The National Institutes of Health has awarded the University of Pittsburgh an $11 million, four-year grant to lead a Big Data to Knowledge Center of Excellence, an initiative that will help scientists capitalize more fully on large amounts of available data and to make data science a more prominent component of biomedical research.
Much of science focuses on understanding the “why” or “how” in nature, and now the challenge is to find these answers within terabytes and petabytes of data, or what is now known as “Big Data,” said Gregory Cooper, M.D., Ph.D., professor and vice chair of the Department of Biomedical Informatics, Pitt School of Medicine and director of the new Center for Causal Modeling and Discovery.
“Individual biomedical researchers now have the technology to generate an enormous quantity and diversity of data. Adequately analyzing these data to discover new biomedical knowledge remains a major challenge, however,” Dr. Cooper said. “Our goal is to make it much easier for researchers to analyze big data to discover causal relationships in biomedicine.”
The Pitt Center for Causal Modeling and Discovery will be part of an elite national team addressing the challenges of Big Data in biomedicine.
“As part of a national consortium, this Center of Excellence will put Pitt on the map as a home of Big Data science,” said Arthur S. Levine, M.D., senior vice chancellor for the health sciences and John and Gertrude Petersen Dean of the School of Medicine. “Our strengths in this field have stimulated collaborations with leading institutions, including Harvard and Stanford, and now we will be able to further develop such partnerships in many more meaningful ways.”
According to center co-director Jeremy Berg, Ph.D., associate senior vice chancellor for science strategy and planning in the health sciences and director of Pitt’s Institute for Personalized Medicine, researchers now have access to a tremendous amount of information from electronic health records, digital images and molecular analyses of genes, proteins and metabolites.
“The good news is that we have so much data. But the bad news is that we have so much data,” Dr. Berg said. “Our challenge is to find strategies that enable us to sort through all this collected information efficiently and effectively to find meaningful relationships that lead us to new insights in health and disease.”

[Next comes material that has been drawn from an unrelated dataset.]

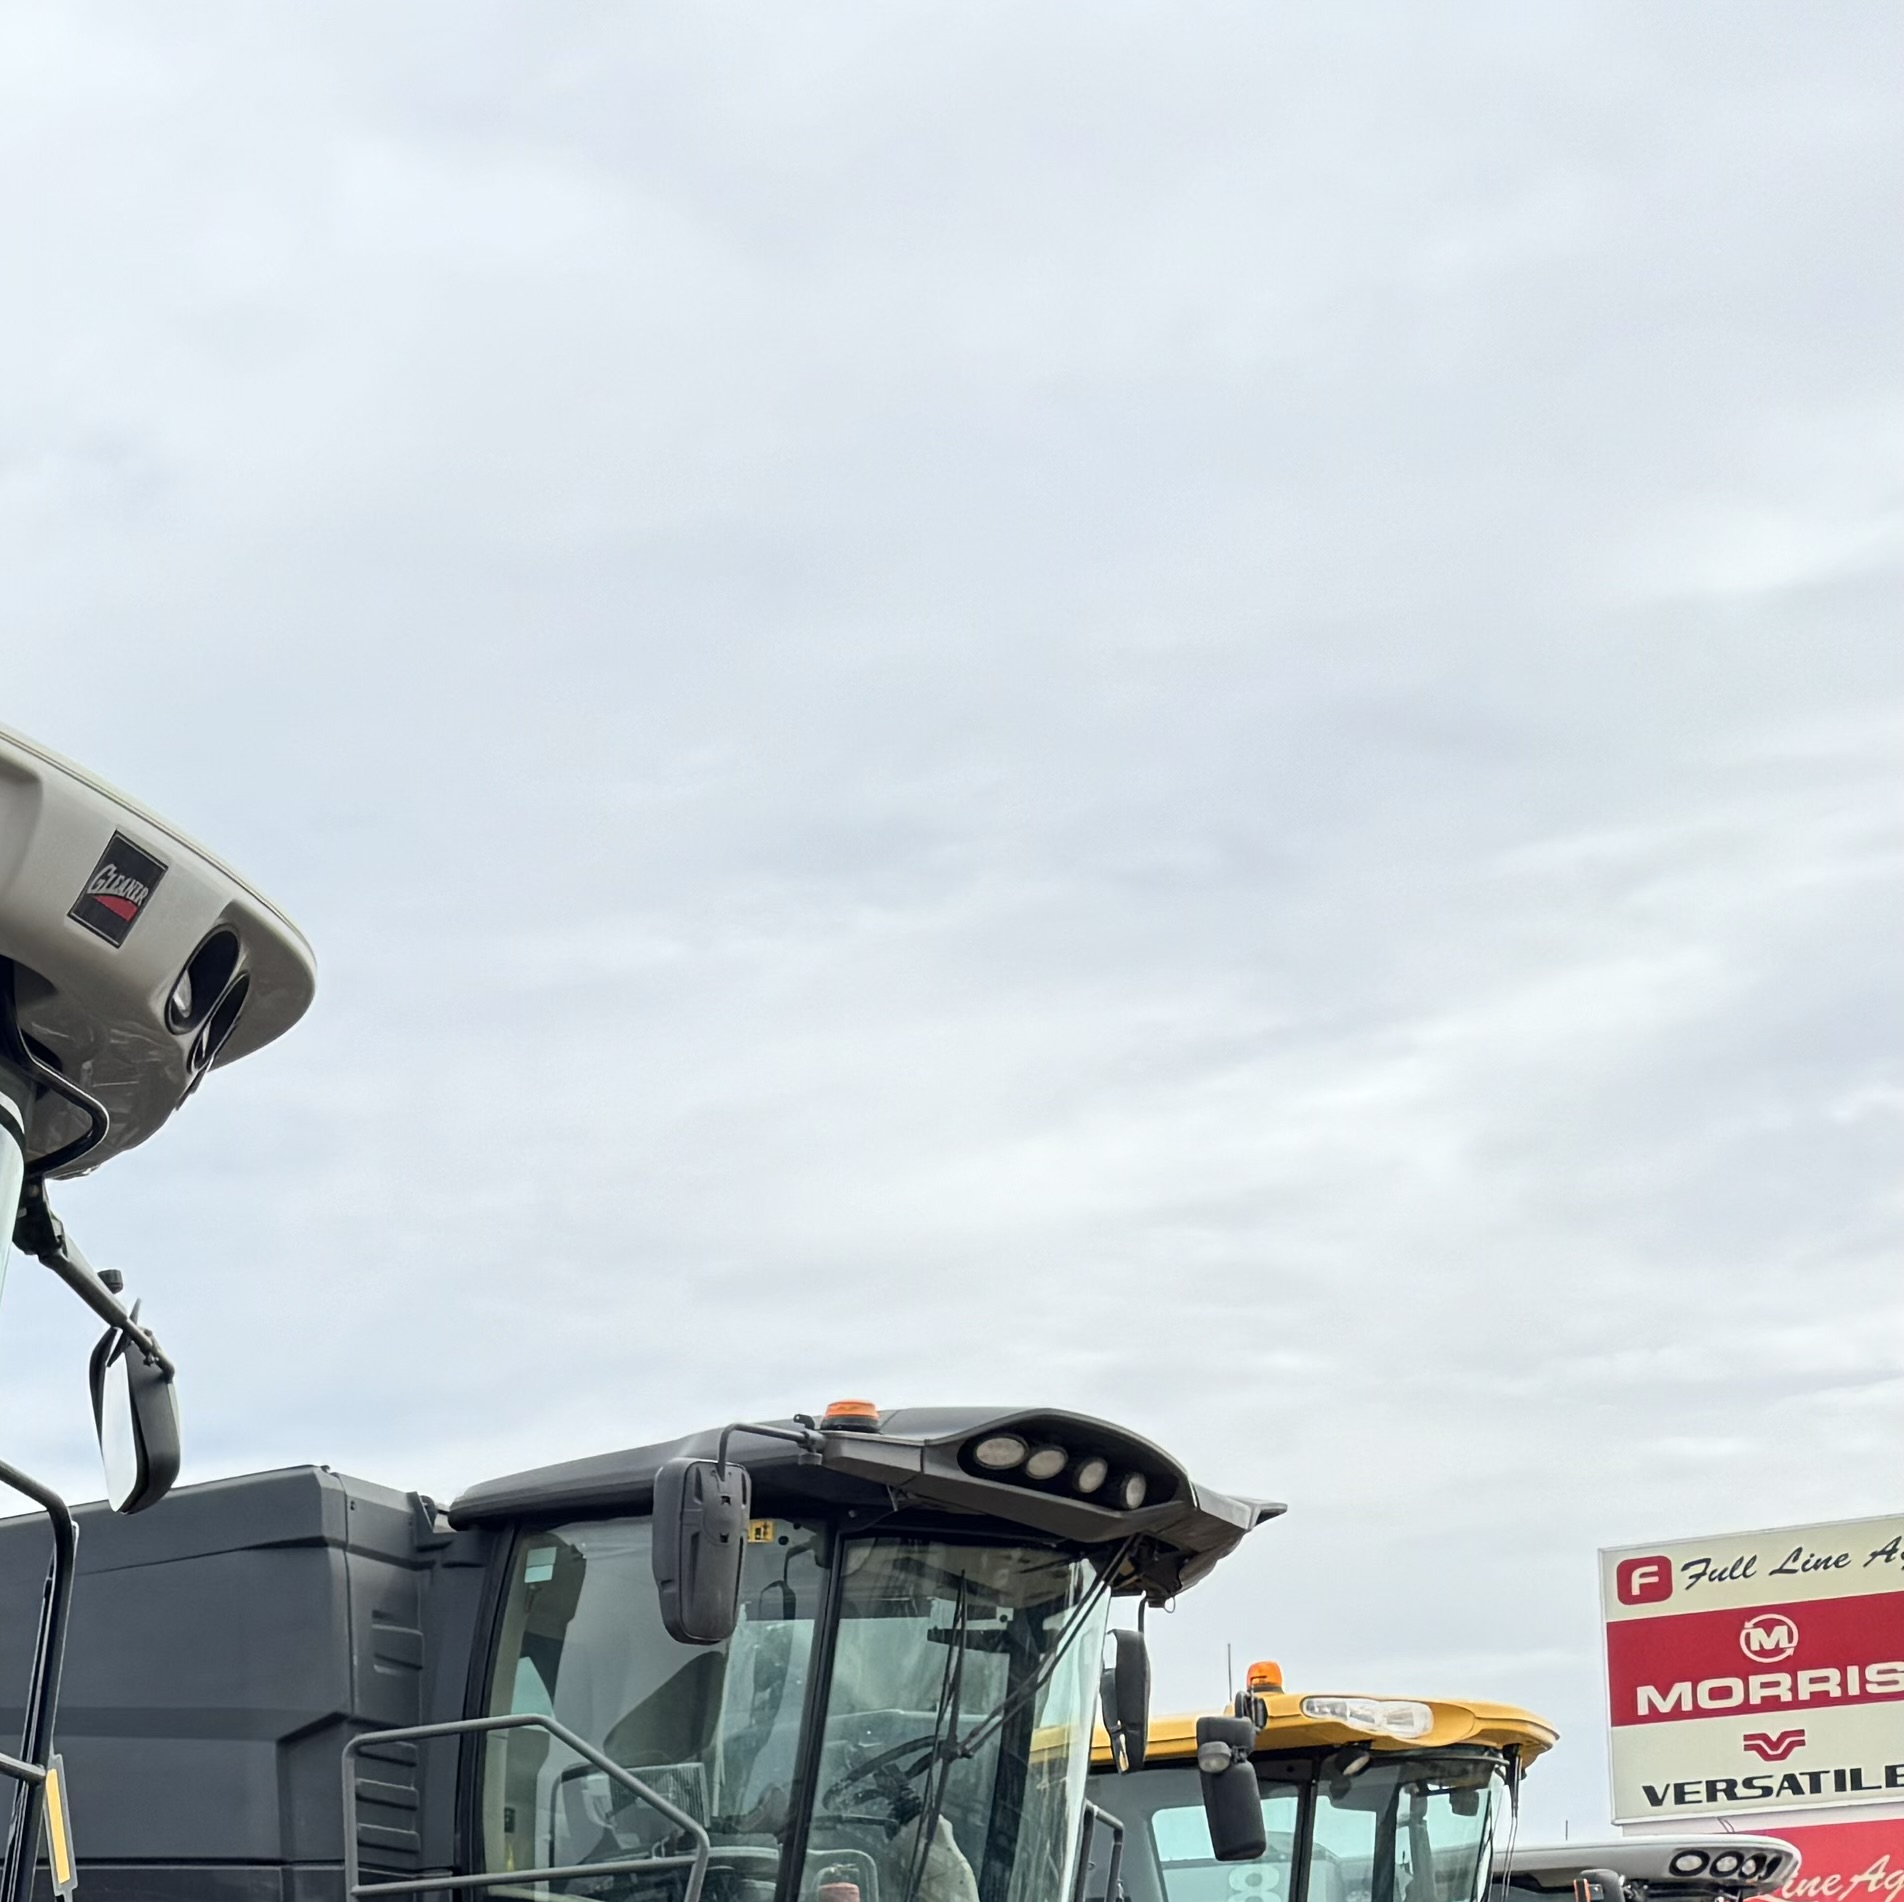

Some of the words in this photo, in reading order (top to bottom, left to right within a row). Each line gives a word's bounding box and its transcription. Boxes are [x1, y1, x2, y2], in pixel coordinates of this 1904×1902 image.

A collaboration of researchers at Pitt, Carnegie Mellon University (CMU), the Pittsburgh Supercomputing Center, and Yale University, the new center will develop and disseminate tools that can find causal links in very large and complex biomedical data. Faculty in CMU’s Department of Philosophy, led by Clark Glymour, Ph.D., Alumni University Professor and founding chair, are key partners in this data science effort; and Nicholas Nystrom, Ph.D., director of strategic applications at the Pittsburgh Supercomputing Center, will work to optimize these tools for a high-performance computing environment.
The Center includes a team that will develop and implement causal modeling and discovery algorithms, or processes, to support the data analyses of three separate investigative groups, each focusing on a distinct biomedical problem whose answer lies in a sea of data: cell signals that drive the development of cancer, the molecular basis of lung disease susceptibility and severity, and the functional connections within the human brain (the “connectome”).

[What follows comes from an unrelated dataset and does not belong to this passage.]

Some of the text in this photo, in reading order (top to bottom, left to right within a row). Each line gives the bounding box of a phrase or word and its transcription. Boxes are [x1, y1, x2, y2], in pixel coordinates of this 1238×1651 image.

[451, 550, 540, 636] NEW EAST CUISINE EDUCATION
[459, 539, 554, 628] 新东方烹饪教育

Each project will act as a test bed for the development, rigorous testing and refinement of analytic tools. When successful, these algorithms and software likely can be applied to other biomedical research questions. The center will provide free, open-source software that scientists all over the world can use with their own datasets to uncover causal biomedical relationships. Their feedback will further enhance the algorithms and software.
“The center also will be a training ground for the next generation of data scientists who will advance and accelerate the development and broader use of Big Data science models and methods,” said center co-director Ivet Bahar, Ph.D., Distinguished Professor and JK Vries Chair, Department of Computational and Systems Biology, Pitt School of Medicine. “We will create new educational materials as well as workshops and online tutorials to facilitate the use of causal modeling and discovery algorithms by the broader scientific community and to enable efficient translation of knowledge between basic biological and applied biomedical sciences.”
Other collaborators include the California Institute of Technology, Rutgers University, University of Crete, and the University of North Carolina.
“Data creation in today’s research is exponentially more rapid than anything we anticipated even a decade ago,” said NIH Director Francis S. Collins, M.D., Ph.D. “Mammoth data sets are emerging at an accelerated pace in today’s biomedical research and these funds will help us overcome the obstacles to maximizing their utility. The potential of these data, when used effectively, is quite astounding.”